One neat way of visualizing metagenomic count data is through heatmaps. R has a built-in heatmap function, that can be called using the (surprise...) heatmap command. However, you will quickly notice that this function is rather limited, and we will therefore install a package containing a better one - the gplots package. You can do this by typing the following command:

install.packages("gplots")

Just answer “yes” to the questions, and the package will be installed locally for your user. After installation you load the package by typing:

library(gplots)

After this, you will be able to use the more powerful heatmap.2 command. Try, for example, this command on the data:

heatmap.2(norm1, trace = "none", col = colorpanel(255,"black","red","yellow"), margin = c(5,10), cexCol = 1, cexRow = 0.7)

The trace, margin, cexCol and cexRow options are just there to make the plot look better (play around with them if you wish). The col = colorpanel(255,"black","red","yellow") option creates a scale from black to yellow where yellow means highly abundant and black lowly abundant. To make more clear which genes that are not even detected, let’s add a grey color to that for genes with zero count:

heatmap.2(norm1, trace = "none", col = c("grey",colorpanel(255,"black","red","yellow")), margin = c(5,10), cexCol = 1, cexRow = 0.7)

You will now notice that it is hard to see the differences for the lowly abundant genes. To aid in this, we can add a variance-stabilizing transform (fancy name for squareroot) to the data:

norm1_sqrt = sqrt(norm1)

You can then re-run the heatmap.2 command on the newly created norm1_sqrt variable.

Sometimes, it makes more sense to apply a logarithmic transform to the data instead of the squareroot. This, however, is a bit more tricky since we have zeros in the data. For fun’s sake, we can try:

norm1_log10 = log10(norm1)
heatmap.2(norm1_log10, trace = "none", col = c("grey",colorpanel(255,"black","red","yellow")), margin = c(5,10), cexCol = 1, cexRow = 0.7)

This should give you an error message. The easiest way to solve this problem is to add some small number to the matrix before the log10 command. Since we will display this number with grey color anyway, it will in this case, and for this application, matter much exactly what number you add. You can, for example, choose 1:

norm1_log10 = log10(norm1 + 1)
heatmap.2(norm1_log10, trace = "none", col = c("grey",colorpanel(255,"black","red","yellow")), margin = c(5,10), cexCol = 1, cexRow = 0.7)
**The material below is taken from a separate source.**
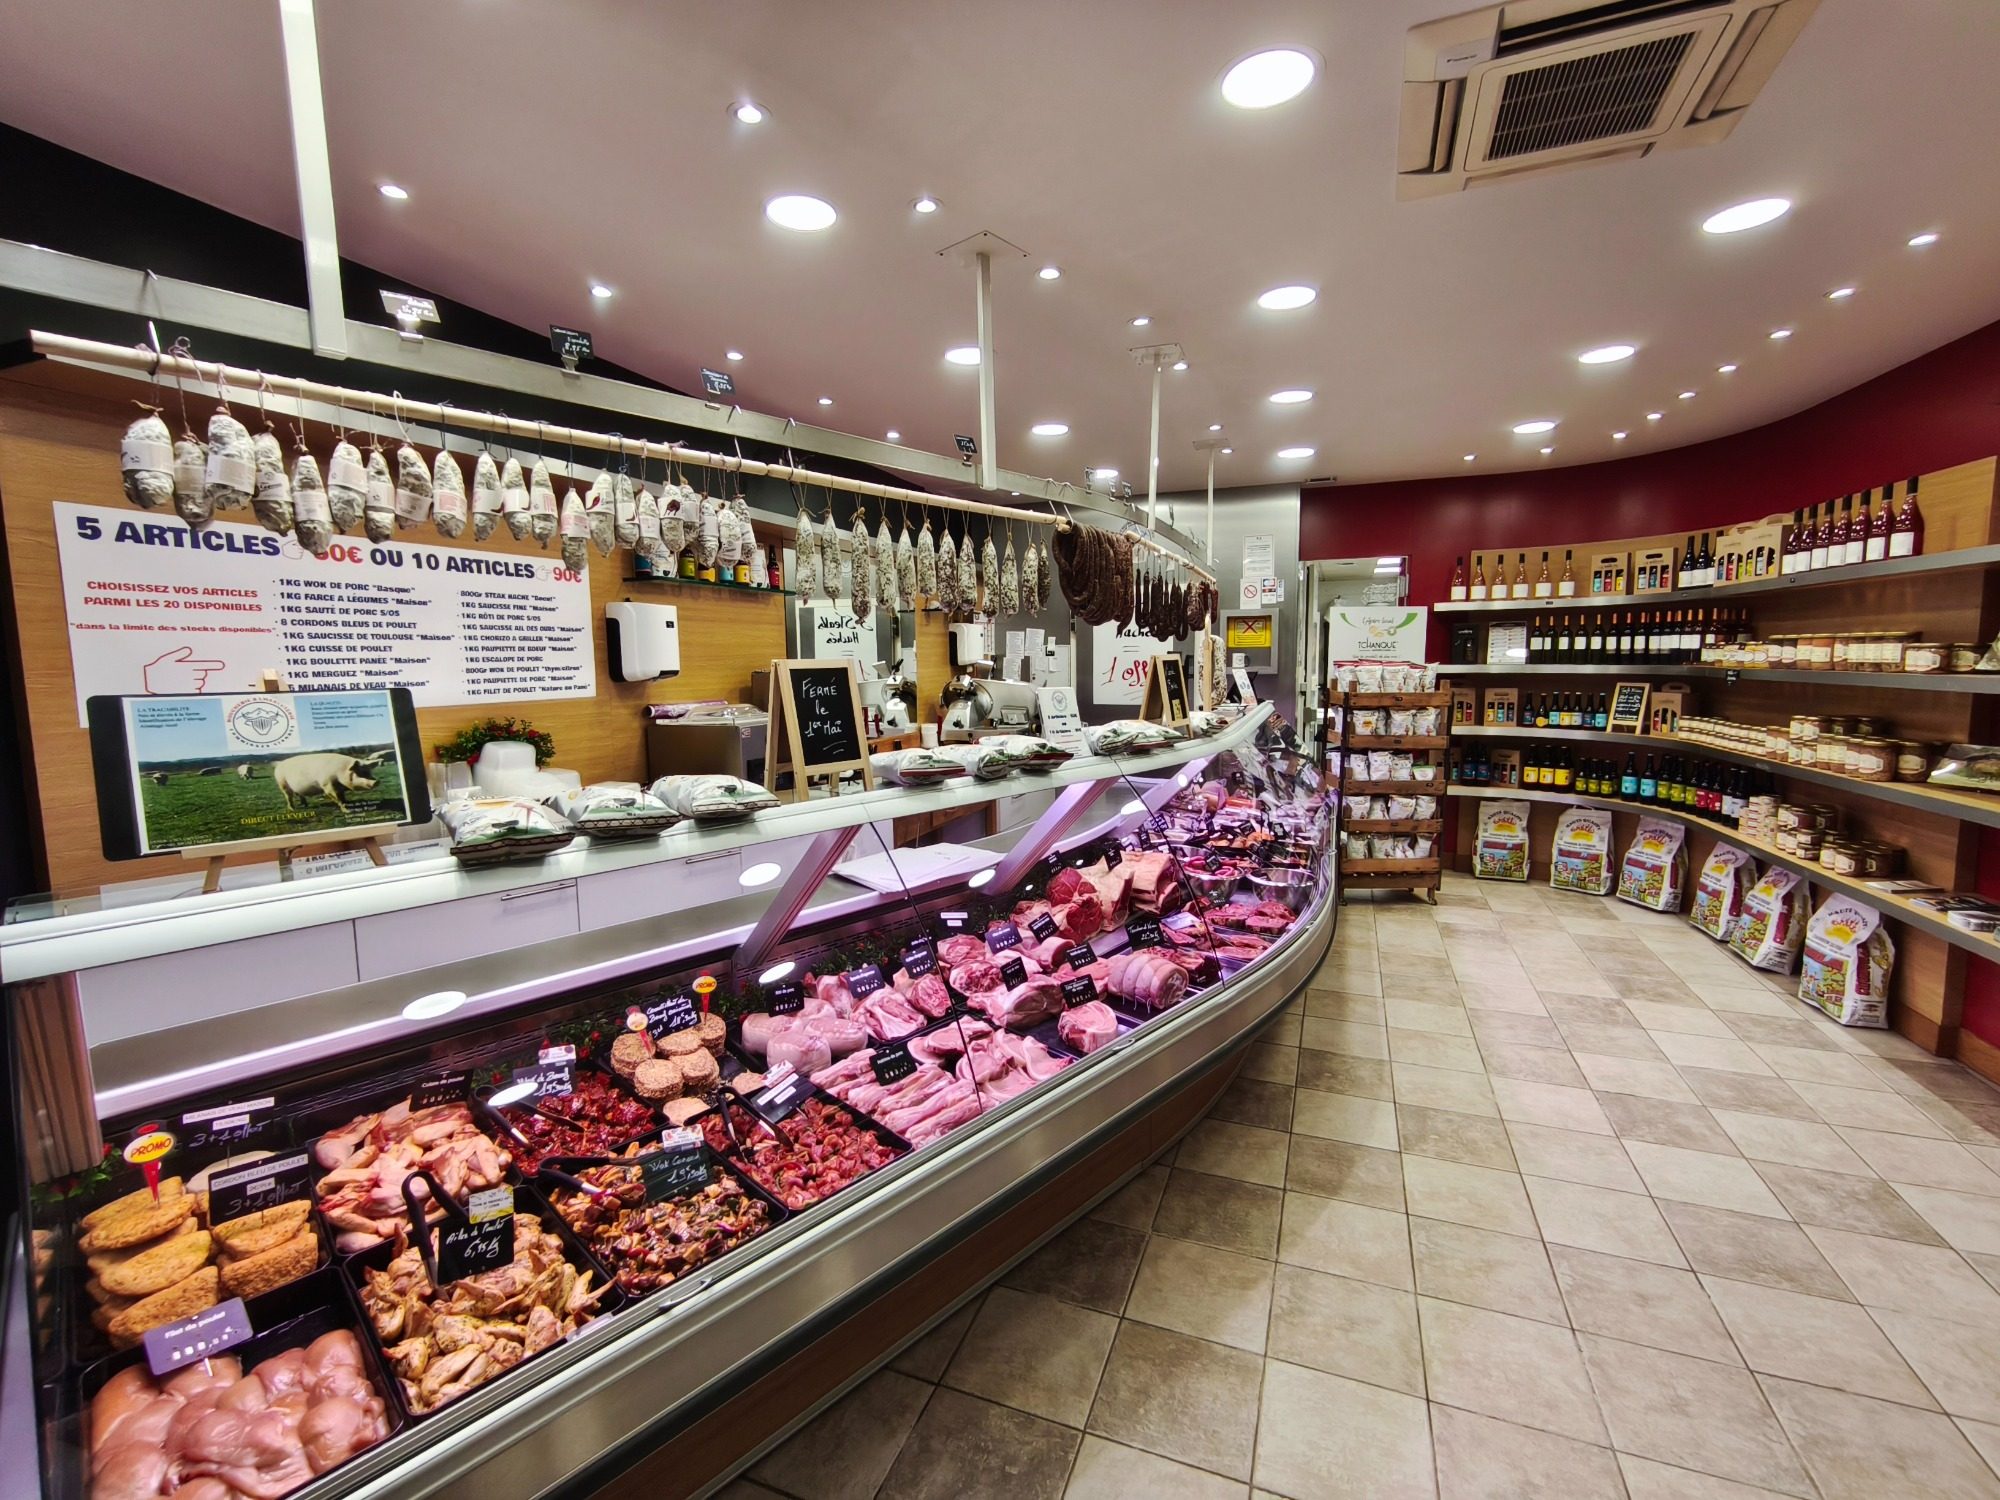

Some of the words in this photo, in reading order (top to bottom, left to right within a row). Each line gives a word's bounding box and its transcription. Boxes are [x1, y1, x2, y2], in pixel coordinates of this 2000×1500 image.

Before we end, let’s also try another kind of commonly used visualization, the PCA plot. Principal Component Analysis (PCA) essentially builds upon projecting complex data onto a 2D (or 3D) surface, while trying to separate the data points as much as possible. This can be useful for finding groups of observations that fit together. We will use the built-in PCA command called prcomp:

norm1_pca = prcomp(norm1_sqrt)

Note that we used the data created using the variance stabilizing transform. There are more sophisticated ways of reducing the influence of very large values, but many times the squareroot is sufficient. We can visualize the PCA using a plotting command called biplot:

layout(1)
biplot(norm1_pca, cex = 0.5)

To see the proportion of variance explained by the different components, we can use the normal plot command:

plot(norm1_pca)

We want the first two bars to be as large as possible, since that means that the dataset can be easily simplified to two dimensions. If all bars are of roughly equal height, the projection to a 2D surface has caused a loss of much of the information of the data, and we can not trust the patterns in the PCA plot as much.

If we do the PCA on the relative abundance data (normalization three), we can get a view of which Pfam domains that dominate in these samples:

norm3_pca = prcomp(norm3)
biplot(norm3_pca, cex = 0.5)

And that’s the end of the lab. If you have lots of time to spare, you can move on to the bonus excersize, in which we will analyze the 16S rRNA data generated by Metaxa2 further, to understand which bacterial species that are present in the samples.